What to produce —
Retype all of the records shown beneath this task, exactly as they stand.

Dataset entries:
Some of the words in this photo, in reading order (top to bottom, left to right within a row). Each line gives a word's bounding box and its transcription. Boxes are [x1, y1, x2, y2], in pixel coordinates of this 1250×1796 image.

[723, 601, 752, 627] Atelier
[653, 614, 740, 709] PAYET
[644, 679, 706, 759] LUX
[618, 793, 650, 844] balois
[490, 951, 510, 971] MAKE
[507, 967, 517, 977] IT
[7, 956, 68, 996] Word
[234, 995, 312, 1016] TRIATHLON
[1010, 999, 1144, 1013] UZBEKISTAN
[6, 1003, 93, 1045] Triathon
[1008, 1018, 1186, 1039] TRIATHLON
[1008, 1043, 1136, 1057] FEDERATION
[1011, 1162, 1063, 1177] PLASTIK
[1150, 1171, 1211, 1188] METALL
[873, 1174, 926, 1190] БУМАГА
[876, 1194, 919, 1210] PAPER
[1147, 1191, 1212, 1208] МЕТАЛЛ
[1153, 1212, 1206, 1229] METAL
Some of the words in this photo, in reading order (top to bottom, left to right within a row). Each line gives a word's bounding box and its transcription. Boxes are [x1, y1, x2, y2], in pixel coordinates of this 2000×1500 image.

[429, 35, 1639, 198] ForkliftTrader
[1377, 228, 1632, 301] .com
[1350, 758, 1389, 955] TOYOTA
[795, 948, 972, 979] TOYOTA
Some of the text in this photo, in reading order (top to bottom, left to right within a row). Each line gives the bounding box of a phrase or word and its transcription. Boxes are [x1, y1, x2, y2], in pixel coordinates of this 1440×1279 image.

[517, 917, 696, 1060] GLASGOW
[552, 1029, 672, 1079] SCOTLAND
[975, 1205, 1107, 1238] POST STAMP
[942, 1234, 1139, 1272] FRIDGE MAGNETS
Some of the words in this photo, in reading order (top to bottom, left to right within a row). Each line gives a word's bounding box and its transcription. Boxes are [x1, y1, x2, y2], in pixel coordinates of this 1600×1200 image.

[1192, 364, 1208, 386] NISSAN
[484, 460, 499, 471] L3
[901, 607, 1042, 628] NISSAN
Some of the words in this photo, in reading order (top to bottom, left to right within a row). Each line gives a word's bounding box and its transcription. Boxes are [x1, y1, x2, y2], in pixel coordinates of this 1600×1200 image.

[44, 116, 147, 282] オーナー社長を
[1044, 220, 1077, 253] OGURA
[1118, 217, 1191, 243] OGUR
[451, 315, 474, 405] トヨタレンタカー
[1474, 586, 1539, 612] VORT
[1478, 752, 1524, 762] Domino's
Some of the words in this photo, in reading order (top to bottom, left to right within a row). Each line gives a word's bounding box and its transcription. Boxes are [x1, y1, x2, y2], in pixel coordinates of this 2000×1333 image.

Answer box —
Some of the words in this photo, in reading order (top to bottom, left to right within a row). Each line gives a word's bounding box and its transcription. Boxes are [x1, y1, x2, y2], in pixel coordinates of this 1250×1796 image.

[723, 601, 752, 627] Atelier
[653, 614, 740, 709] PAYET
[644, 679, 706, 759] LUX
[618, 793, 650, 844] balois
[490, 951, 510, 971] MAKE
[507, 967, 517, 977] IT
[7, 956, 68, 996] Word
[234, 995, 312, 1016] TRIATHLON
[1010, 999, 1144, 1013] UZBEKISTAN
[6, 1003, 93, 1045] Triathon
[1008, 1018, 1186, 1039] TRIATHLON
[1008, 1043, 1136, 1057] FEDERATION
[1011, 1162, 1063, 1177] PLASTIK
[1150, 1171, 1211, 1188] METALL
[873, 1174, 926, 1190] БУМАГА
[876, 1194, 919, 1210] PAPER
[1147, 1191, 1212, 1208] МЕТАЛЛ
[1153, 1212, 1206, 1229] METAL
Some of the words in this photo, in reading order (top to bottom, left to right within a row). Each line gives a word's bounding box and its transcription. Boxes are [x1, y1, x2, y2], in pixel coordinates of this 2000×1500 image.

[429, 35, 1639, 198] ForkliftTrader
[1377, 228, 1632, 301] .com
[1350, 758, 1389, 955] TOYOTA
[795, 948, 972, 979] TOYOTA
Some of the text in this photo, in reading order (top to bottom, left to right within a row). Each line gives the bounding box of a phrase or word and its transcription. Boxes are [x1, y1, x2, y2], in pixel coordinates of this 1440×1279 image.

[517, 917, 696, 1060] GLASGOW
[552, 1029, 672, 1079] SCOTLAND
[975, 1205, 1107, 1238] POST STAMP
[942, 1234, 1139, 1272] FRIDGE MAGNETS
Some of the words in this photo, in reading order (top to bottom, left to right within a row). Each line gives a word's bounding box and its transcription. Boxes are [x1, y1, x2, y2], in pixel coordinates of this 1600×1200 image.

[1192, 364, 1208, 386] NISSAN
[484, 460, 499, 471] L3
[901, 607, 1042, 628] NISSAN
Some of the words in this photo, in reading order (top to bottom, left to right within a row). Each line gives a word's bounding box and its transcription. Boxes are [x1, y1, x2, y2], in pixel coordinates of this 1600×1200 image.

[44, 116, 147, 282] オーナー社長を
[1044, 220, 1077, 253] OGURA
[1118, 217, 1191, 243] OGUR
[451, 315, 474, 405] トヨタレンタカー
[1474, 586, 1539, 612] VORT
[1478, 752, 1524, 762] Domino's
Some of the words in this photo, in reading order (top to bottom, left to right within a row). Each line gives a word's bounding box and its transcription. Boxes are [x1, y1, x2, y2], in pixel coordinates of this 2000×1333 image.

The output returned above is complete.